Telelap ALF-X vs Standard Laparoscopy for the Treatment of Early-Stage Endometrial Cancer: A Single-Institution Retrospective Cohort Study.

Author information

  • 1Division of Gynecologic Oncology, Department of Obstetrics and Gynecology, Catholic University of the Sacred Heart, Rome, Italy. Electronic address: gueliallettis@gmail.com.
  • 2Division of Gynecologic Oncology, Department of Obstetrics and Gynecology, Catholic University of the Sacred Heart, Rome, Italy.
  • 3Department of General Surgery and Medical Surgical Specialties, Gynecologic Clinic, University of Catania, Catania, Italy.
  • 4Institute for Maternal and Child Health-IRCCS Burlo Garofolo, University of Trieste, Trieste, Italy.
  • 5Department of Medicine and Aging Sciences, G. D'Annunzio University of Chieti-Pescara, Chieti and Pescara, Italy.
  • 6Division of Minimally Invasive Gynecology, St. Maria Hospital, University of Perugia, Terni, Italy.

Abstract

STUDY OBJECTIVE:

To compare the surgical and clinical outcomes of patients affected by early-stage endometrial cancer treated using the Telelap ALF-X platform versus conventional laparoscopic surgery.

DESIGN:

Single institution retrospective cohort study (Canadian Task Force classification II-2).

SETTING:

Department of Obstetrics and Gynecology, Division of Gynecologic Oncology, Catholic University of the Sacred Heart, Rome, Italy.

PATIENTS:

The study involved 89 patients affected by early-stage endometrial cancer who underwent elective surgical staging between October 2013 and September 2014. Among them, 43 (48.3%) underwent Telelap ALF-X staging (ALF-X group), and 46 (51.7%) underwent conventional laparoscopic staging (laparoscopic group).

INTERVENTIONS:

All selected patients underwent laparoscopic staging with radical hysterectomy (class A sec Querleu-Morrow), bilateral salpingo-oophorectomy, and pelvic lymphadenectomy if required. The 2 surgical groups were further divided into patients who did not require pelvic lymphadenectomy (subgroup 1) and those who underwent pelvic lymphadenectomy (subgroup 2).
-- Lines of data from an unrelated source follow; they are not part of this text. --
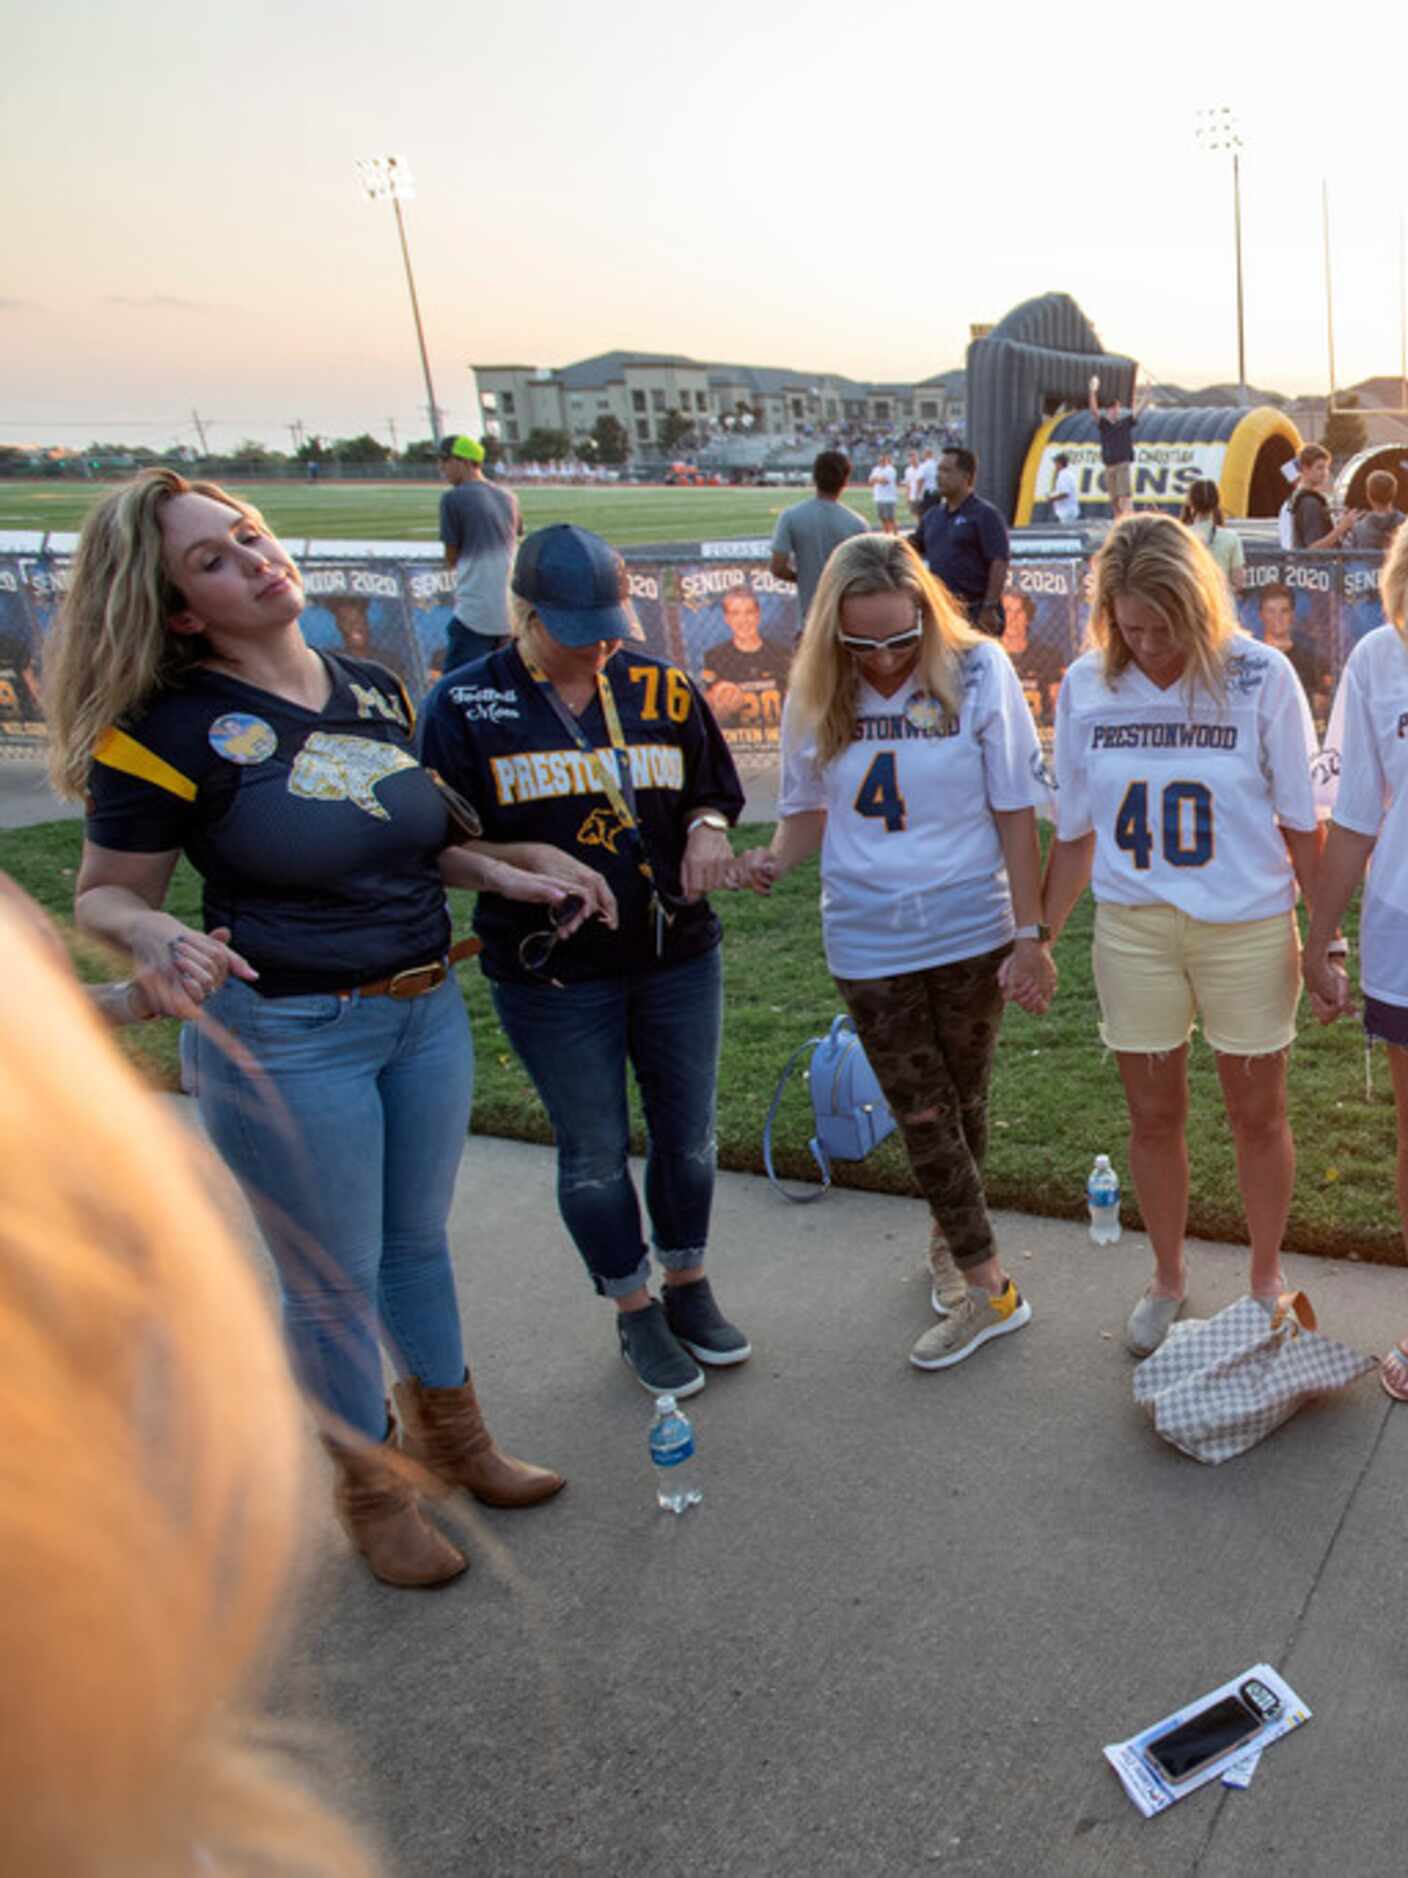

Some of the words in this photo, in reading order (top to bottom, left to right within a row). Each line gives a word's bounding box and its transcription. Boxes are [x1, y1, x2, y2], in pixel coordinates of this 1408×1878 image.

[681, 568, 746, 597] SENIOR
[1019, 570, 1069, 594] 2020
[1285, 566, 1331, 590] 2020
[629, 666, 692, 723] 76
[1091, 722, 1238, 751] PRESTONWOOD
[854, 750, 907, 833] 4
[1114, 780, 1215, 870] 40
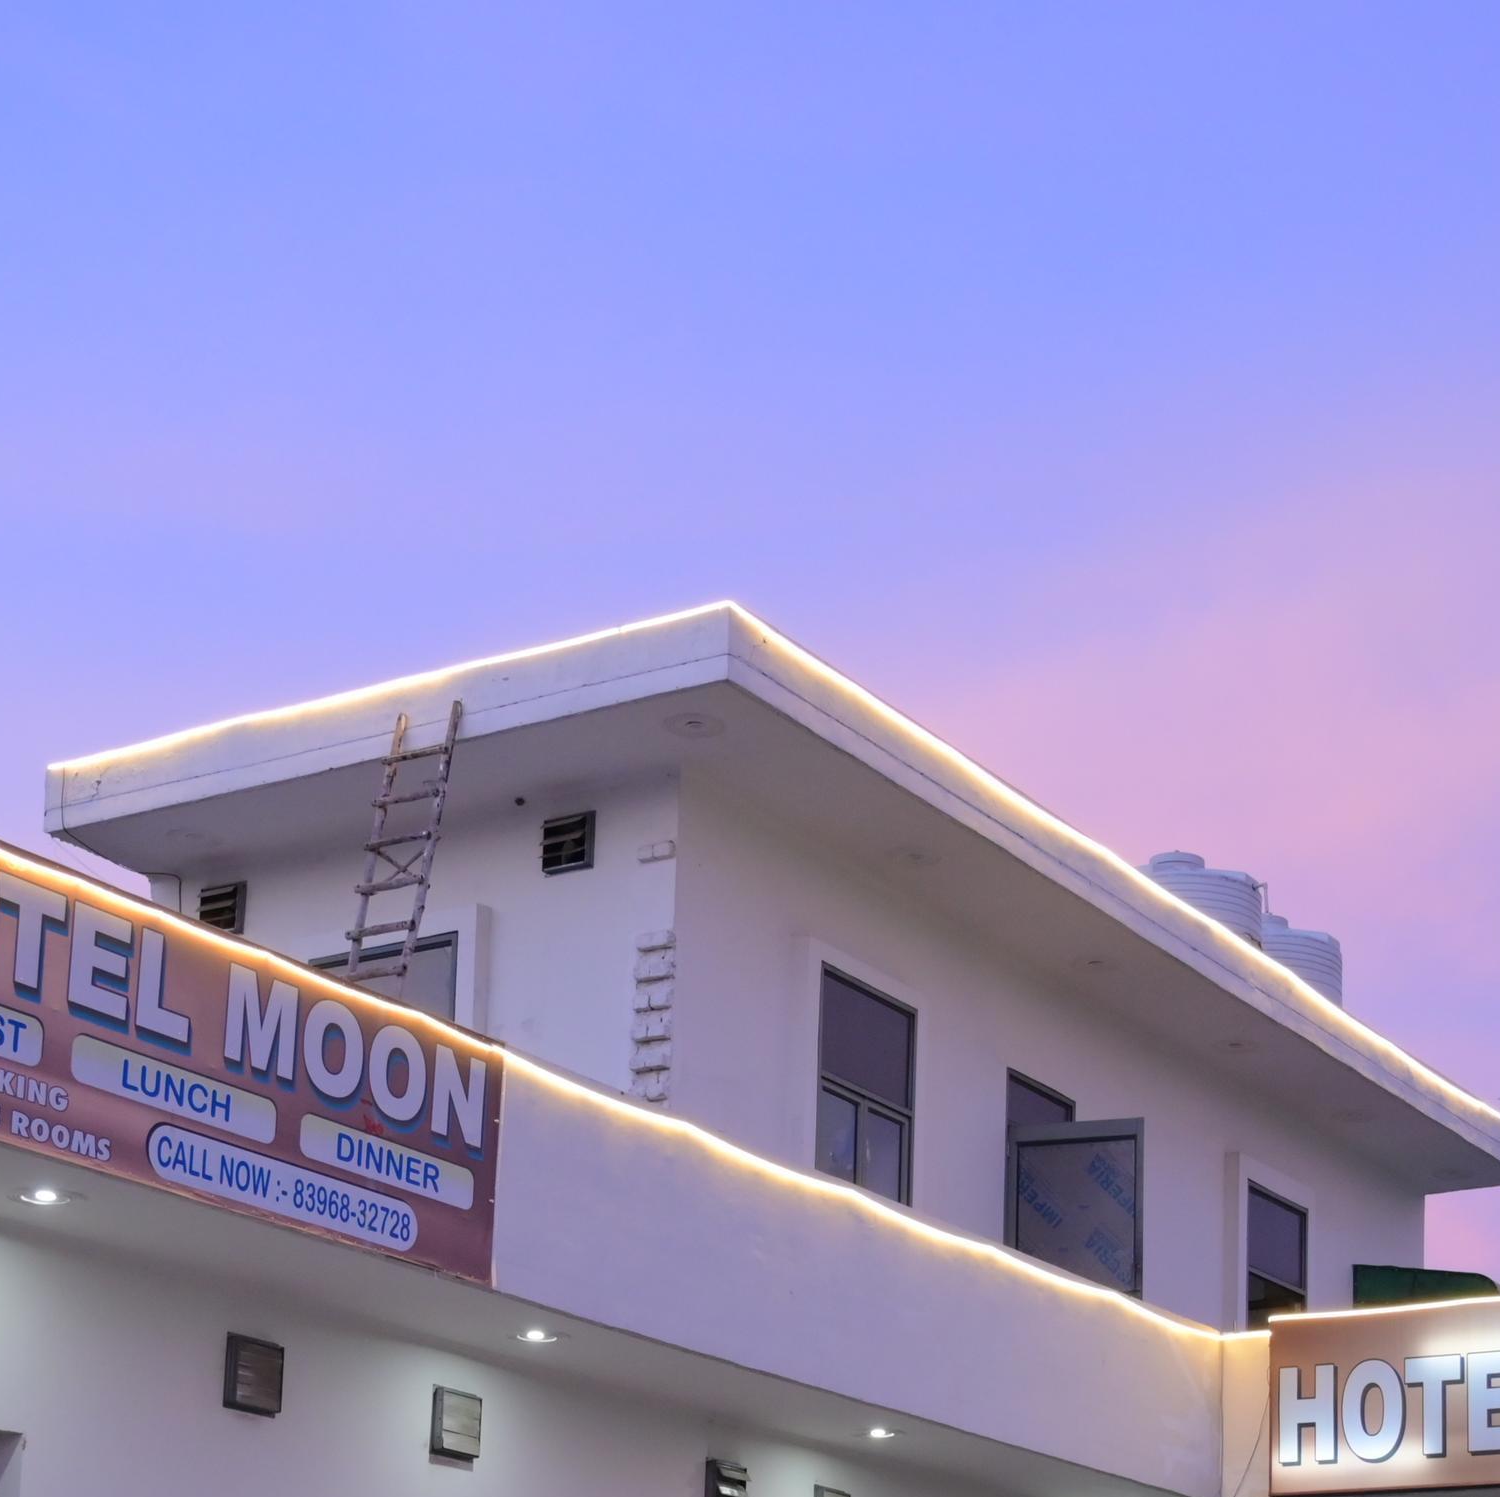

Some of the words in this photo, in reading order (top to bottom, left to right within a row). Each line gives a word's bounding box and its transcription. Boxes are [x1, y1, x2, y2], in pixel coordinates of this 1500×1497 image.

[224, 962, 487, 1150] MOON
[121, 1058, 232, 1123] LUNCH
[10, 1109, 112, 1162] ROOMS
[336, 1132, 440, 1193] DINNER
[156, 1134, 213, 1182] CALL
[220, 1153, 272, 1199] NOW
[292, 1178, 411, 1242] 83968-32728
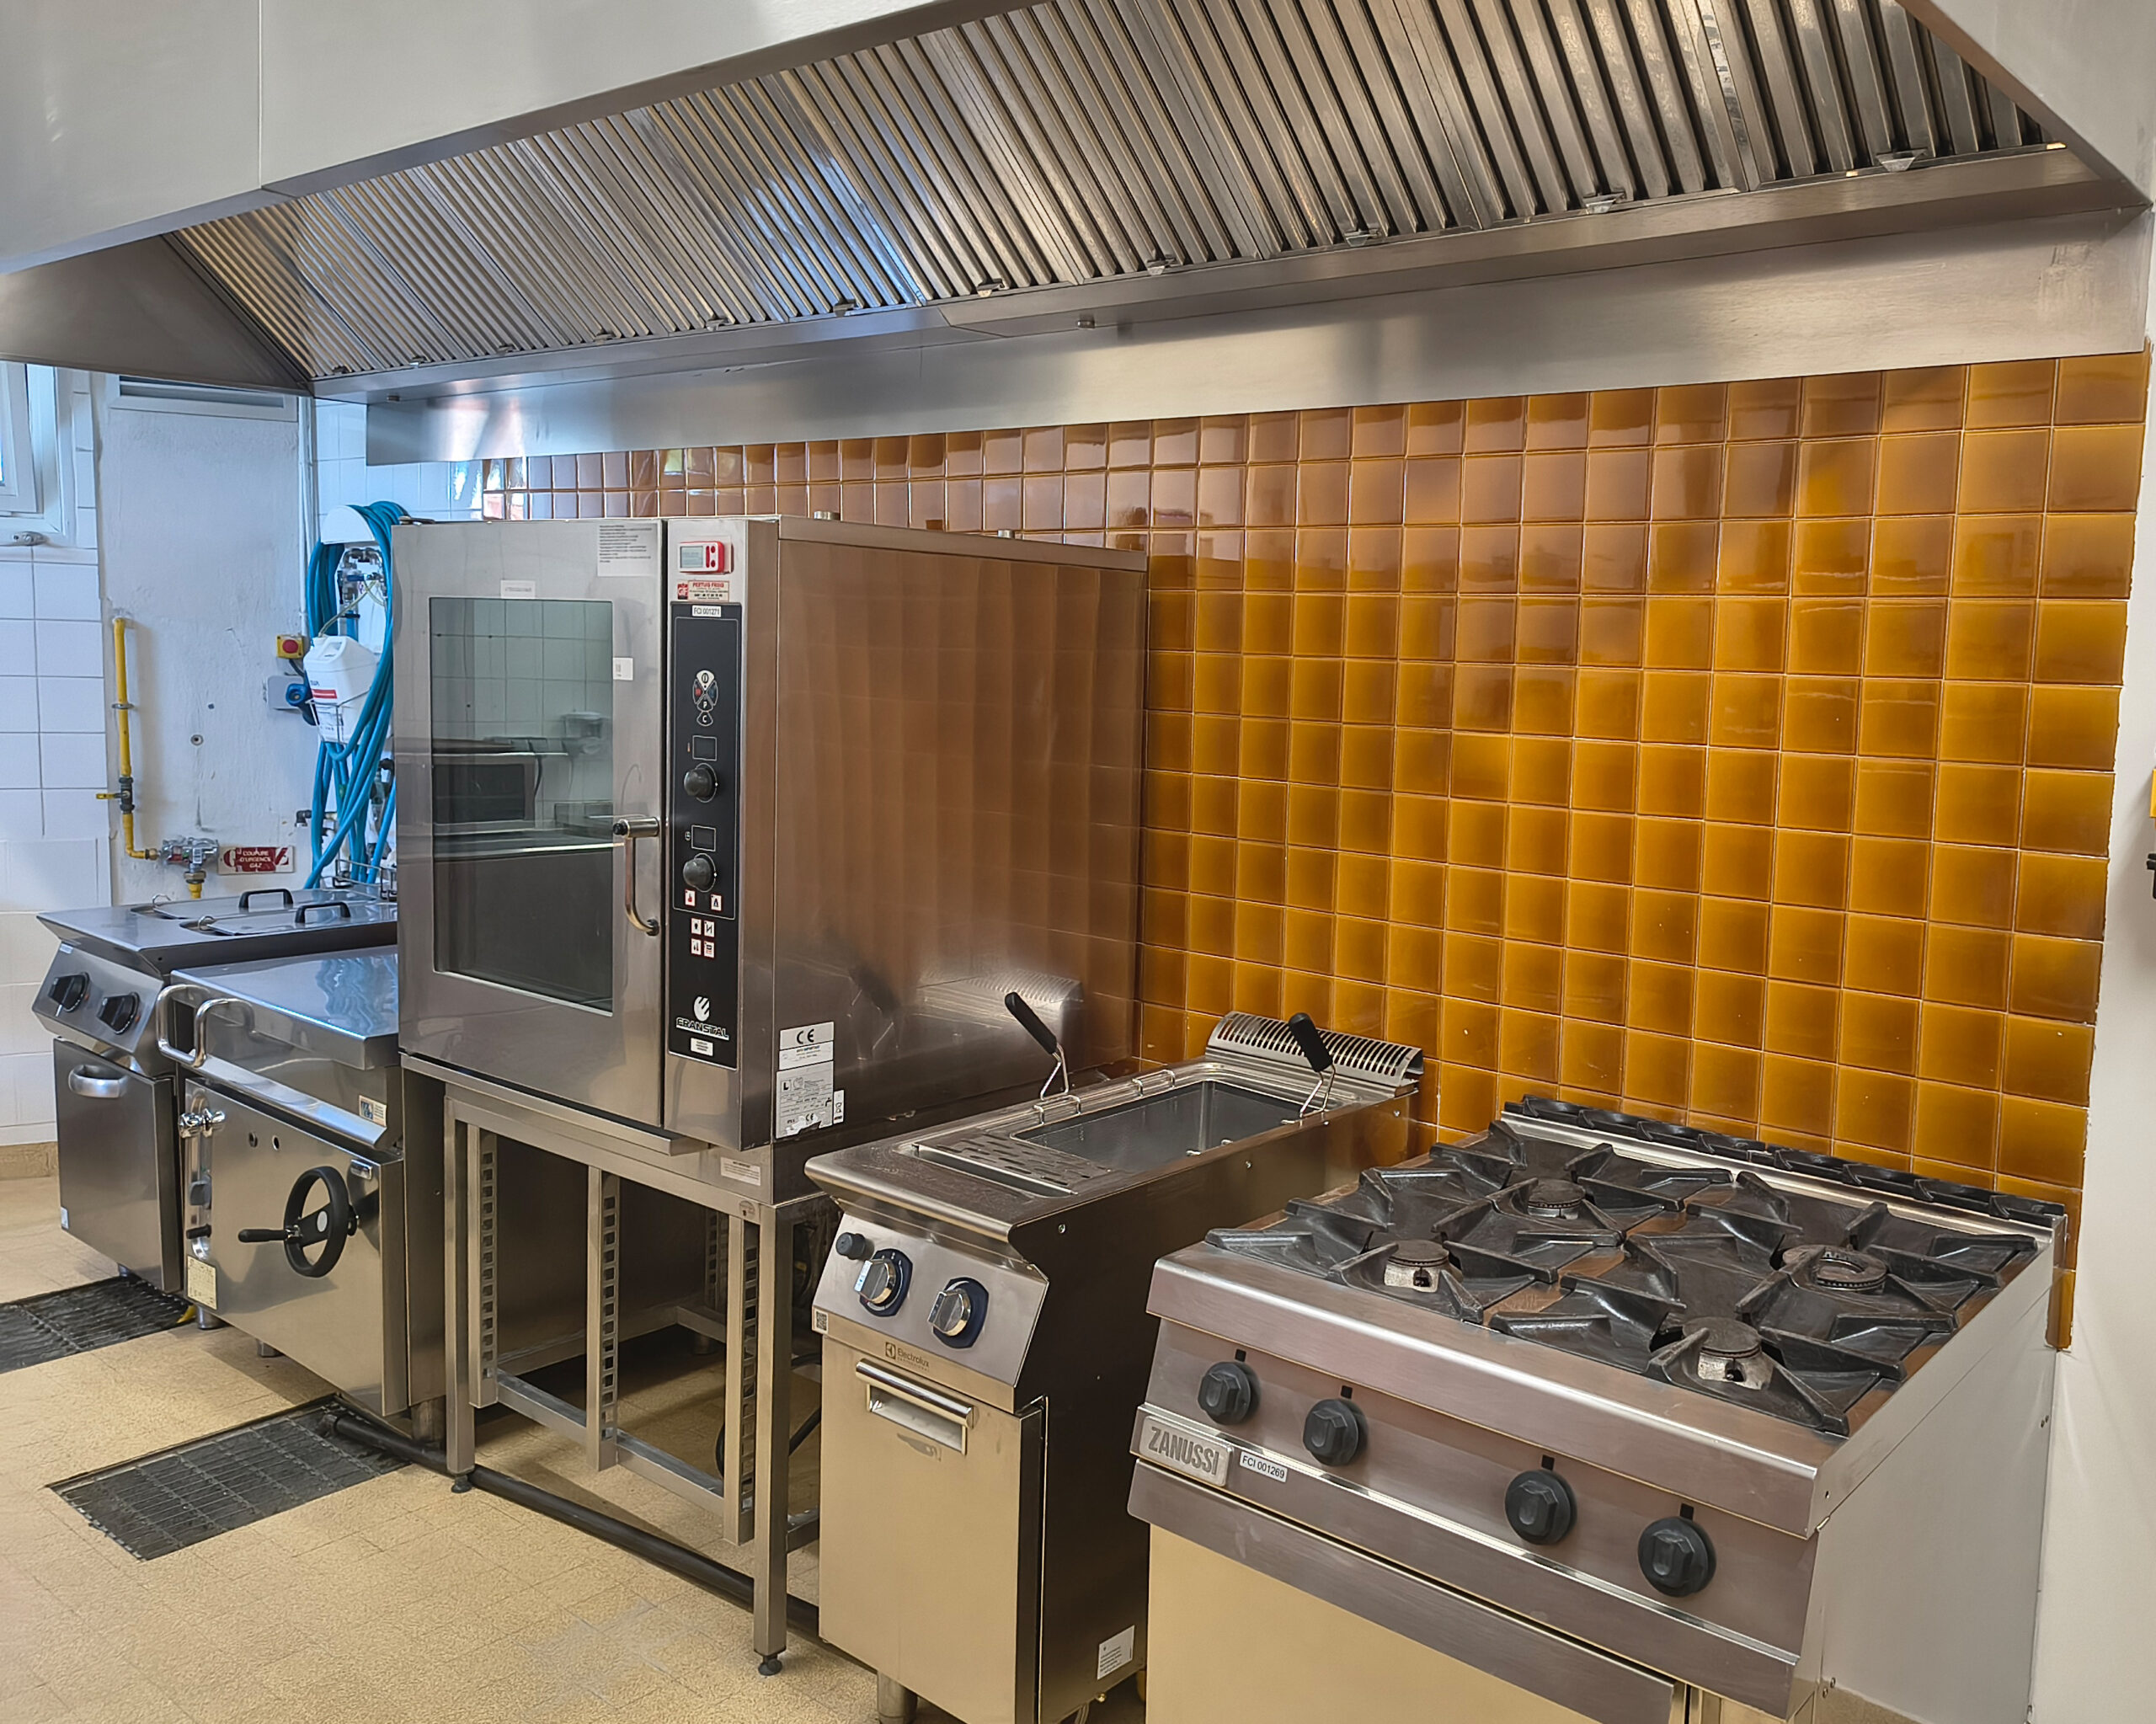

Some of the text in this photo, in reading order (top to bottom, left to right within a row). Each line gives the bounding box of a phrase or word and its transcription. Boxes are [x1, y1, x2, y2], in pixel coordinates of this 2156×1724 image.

[796, 1028, 814, 1044] CE
[897, 1348, 930, 1367] Electrolux
[1148, 1426, 1220, 1476] ZANUSSI
[1241, 1454, 1285, 1479] FCI 001269
MEASUREMENTS AND MAIN RESULTS:

In the ALF-X group, the median operative time was 128 minutes (range, 69-260 minutes) for subgroup 1 and 193 minutes (range, 129-290 minutes) for subgroup 2. In the laparoscopic group, the median operative time was 82 minutes (range, 25-180 minutes) in subgroup 1 and 104 minutes (range, 36-160 minutes) in subgroup 2. The difference in operative time between subgroups was statistically significant in both the ALF-X and laparoscopic groups (p = .000). In subgroup 1 of the ALF-X group, there was 1 conversion to standard laparoscopy (2.3%) and 2 conversions to laparotomy (4.7%) (p = .234). No conversions to laparotomy occurred in the laparoscopic group. Postoperative complications included 1 case of pelvic hematoma (2.3%) in subgroup 1 of the ALF-X group and 1 case of subocclusion and 1 case of pulmonary edema (4.3%) in subgroup 1 of the laparoscopic group.

CONCLUSION:

Based on operative outcomes and complication rates, our results suggest that the Telelap ALF-X approach is feasible and safe for endometrial cancer staging; however, further studies are needed to definitively assess the role of Telelap ALF-X early-stage endometrial cancer staging.

KEYWORDS:

ALF-X; Endometrial cancer; Endoscopy; Laparoscopy; Robotic surgery

PMID:
26602025
DOI:
10.1016/j.jmig.2015.11.006
[PubMed - indexed for MEDLINE]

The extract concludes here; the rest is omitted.